Elogio de la corbata

por Ludovicus
La corbata amenaza con desaparecer, al abrigo de cierta demagogia prima de los sans culottes de la Revolución y de los descamisados de Perón. Cada vez menos situaciones la exigen: un casamiento muy formal, un Te Deum,  o una entrevista para un trabajo en el que no se usará corbata. Es una pena. Ya cumplidos los cuarenta años, todo cambio es un símbolo detestable del pasaje del tiempo, escribió el conservador Borges. Y ocurre que un cambio de hábito es un cambio de hábitos. Siempre me llamó la atención que Aristóteles colocara algo tan accesorio como la ropa en la categoría de accidente metafísico, nada menos que aquello que modifica a la sustancia, contrariando el trillado refrán de que el hábito no hace al monje. Decididamente, sólo entendemos a Aristóteles a la tarde. La lechuza de Minerva. 
No he sido siempre un apologista de la corbata. De chico, era sinónimo de colegio, de nudos complicados, de falta de libertad. De joven, disfrutaba con sacármela cuando llegaba del trabajo, y no comprendía a las generaciones anteriores, a veces con bata y corbata en su propia casa. En realidad, muchas veces la corbata marcaba los lindes de lo público, de la obligación, del actuar político (de la polis). Ya habían caído los sombreros como si fueran coronas, pero la corbata permanecía, como reliquia de la fusión entre la corte de Luis XIV y los feroces mercenarios croatas que la llevaron.
Ya no. 
El primer elogio que se me ocurre de la corbata es su inutilidad: es la única prenda gratuita del vestuario masculino (hasta los gemelos tienen su función, al reemplazar los botones). Es un lujo, como el amor, la filosofía o el vino, algo tan superfluo como los colores de la cola del pavo real macho. Podrá usarse a veces para reflejar el estado de ánimo, pero muchas veces se elige por azar y gustos, fabricada con géneros preciosos (alguien debería explicar por qué la seda sólo aparece también en los bolsillos y forros). Desde Brummel en adelante el vestuario masculino se ha funcionalizado y acromatizado: la corbata es una reliquia de antiguos esplendores, de una virilidad menos gris y más autoafirmativa (¿para cuándo el desfile del orgullo varonil?), como ocurre en la naturaleza. 
Algunos no obstante computan a favor de la corbata un beneficio colateral: no exige camisas impecablemente planchadas, en particular en el reborde donde se abotonan (uno de estos días le preguntaré a mi mujer como se llama). Muchos, en especial los actores y políticos –perdón por el pleonasmo- que no usan corbata “por simplicidad” cambian sus camisas durante el día, un lujo inasequible al vulgo. 
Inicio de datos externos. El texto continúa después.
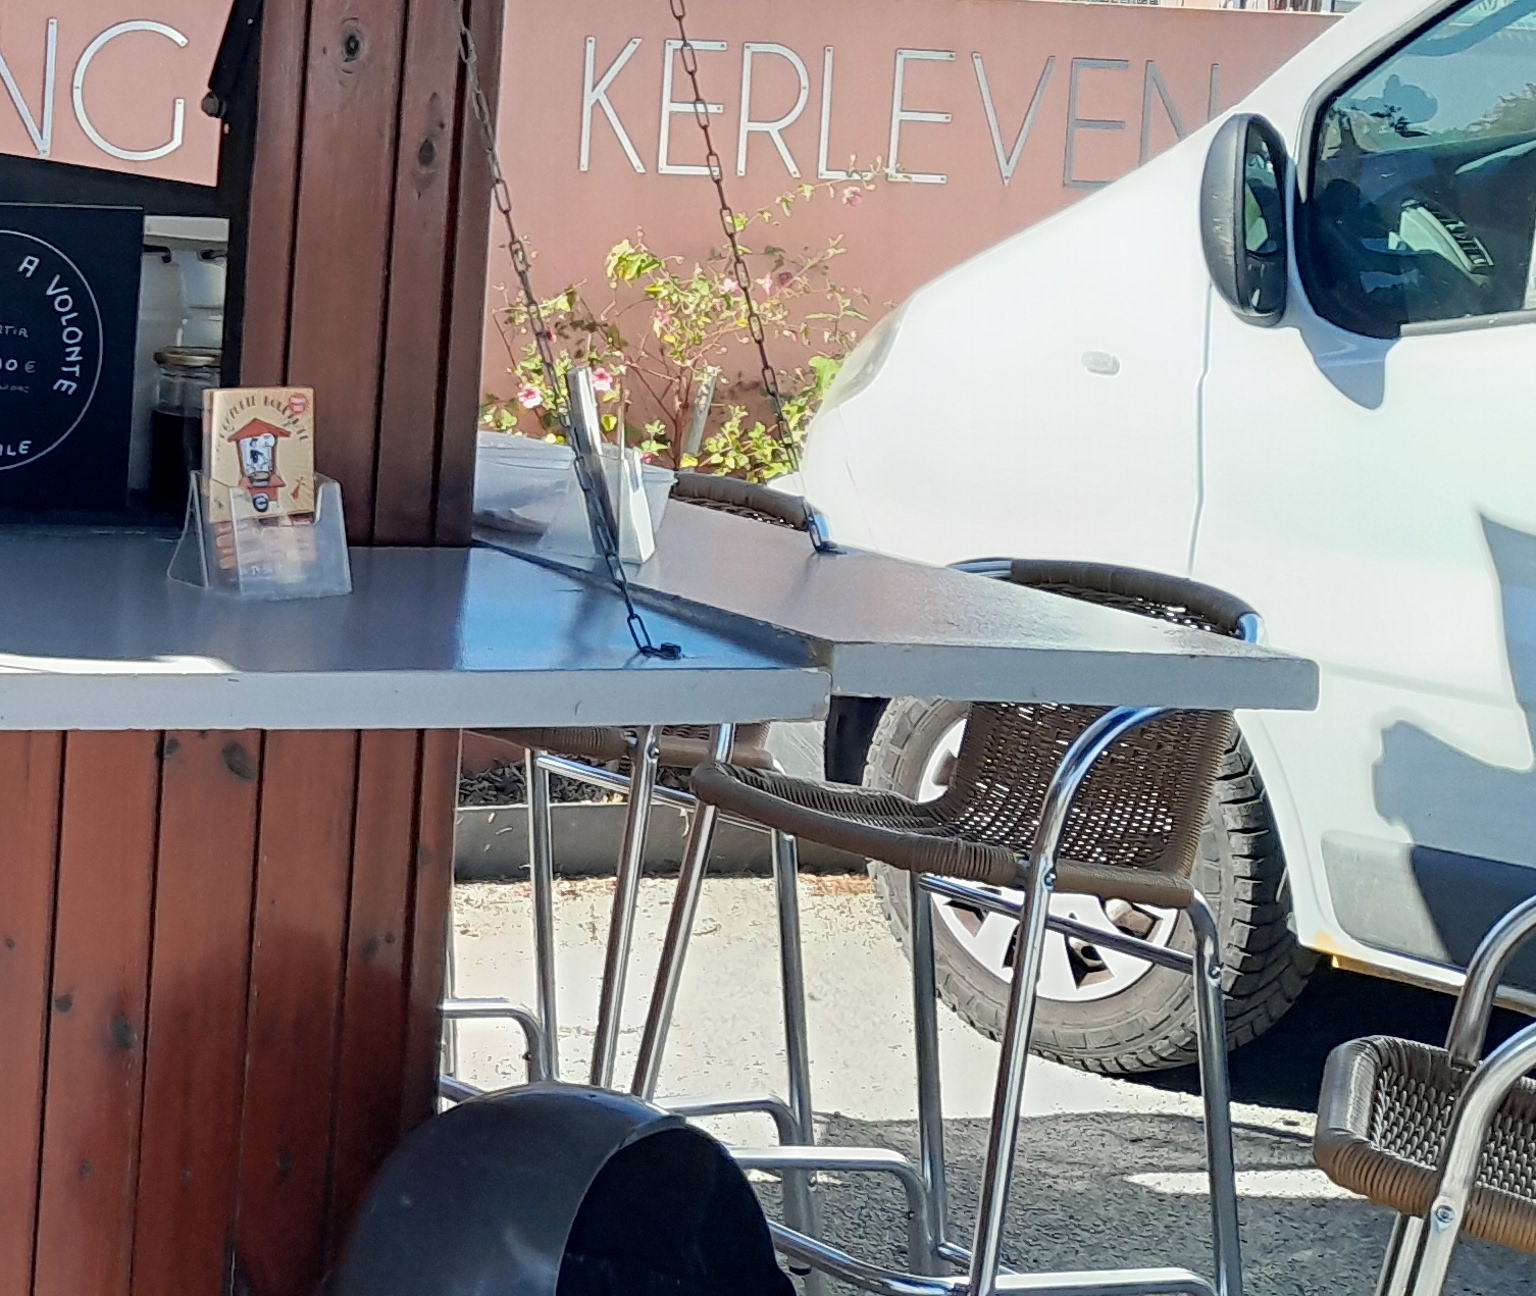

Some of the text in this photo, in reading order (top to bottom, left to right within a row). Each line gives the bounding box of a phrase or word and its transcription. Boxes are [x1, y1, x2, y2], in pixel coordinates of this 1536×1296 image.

La frivolidad y la mala conciencia de los que no son progres o mejor dicho, lo son pero de tránsito lento, ha llevado a adoptar esta moda, negativa si las hay, porque produce la sensación de “informalidad”, “sencillez”, quizás juventud. La clase media urbana ha encontrado su descamisamiento, y nuestros políticos de centro ya logran parecerse a los funcionarios iraníes o chinos, verdaderos precursores de la descorbatez. Triste conquista que comparten con los anteriores bolcheviques de salón, cleptócratas de vocación. 
En cualquier caso, sentimos que algo muy hondo se pierde con la corbata. Quizás el cuello es una zona más noble de lo que pensamos para dejarlo desnudo, quizás los croatas tuvieran razón y la corbata es un amuleto que defiende al corazón de las agresiones y de la vulgaridad, del mal de ojo y de la ignorancia 
Pero quizás el argumento más dramático a favor de la corbata es que priva de lo que llamaremos el estado-de-estar-sin-corbata de nuestras épocas juveniles. Ese sentimiento de frescura y de libertad, de informalidad y franqueza que transmite el descorbatamiento desaparece si se elimina definitivamente la corbata. Es como si se hicieran todos los días feriado: desaparecerían los feriados. Las cosas se valoran, ay, cuando se van perdiendo, y al perder el sentido de las formalidades se destruye el de la informalidad. Las reacciones negativas son eso: acciones que valen contra algo.  Como el protestantismo sin Papa, como el libertinaje sin victorianismo, como el ateísmo sin Dios, una vez que aquello contra lo que se reacciona desaparece nos quedamos vacíos. Con la camisa abierta y el cuello, el pecho, desguarnecidos.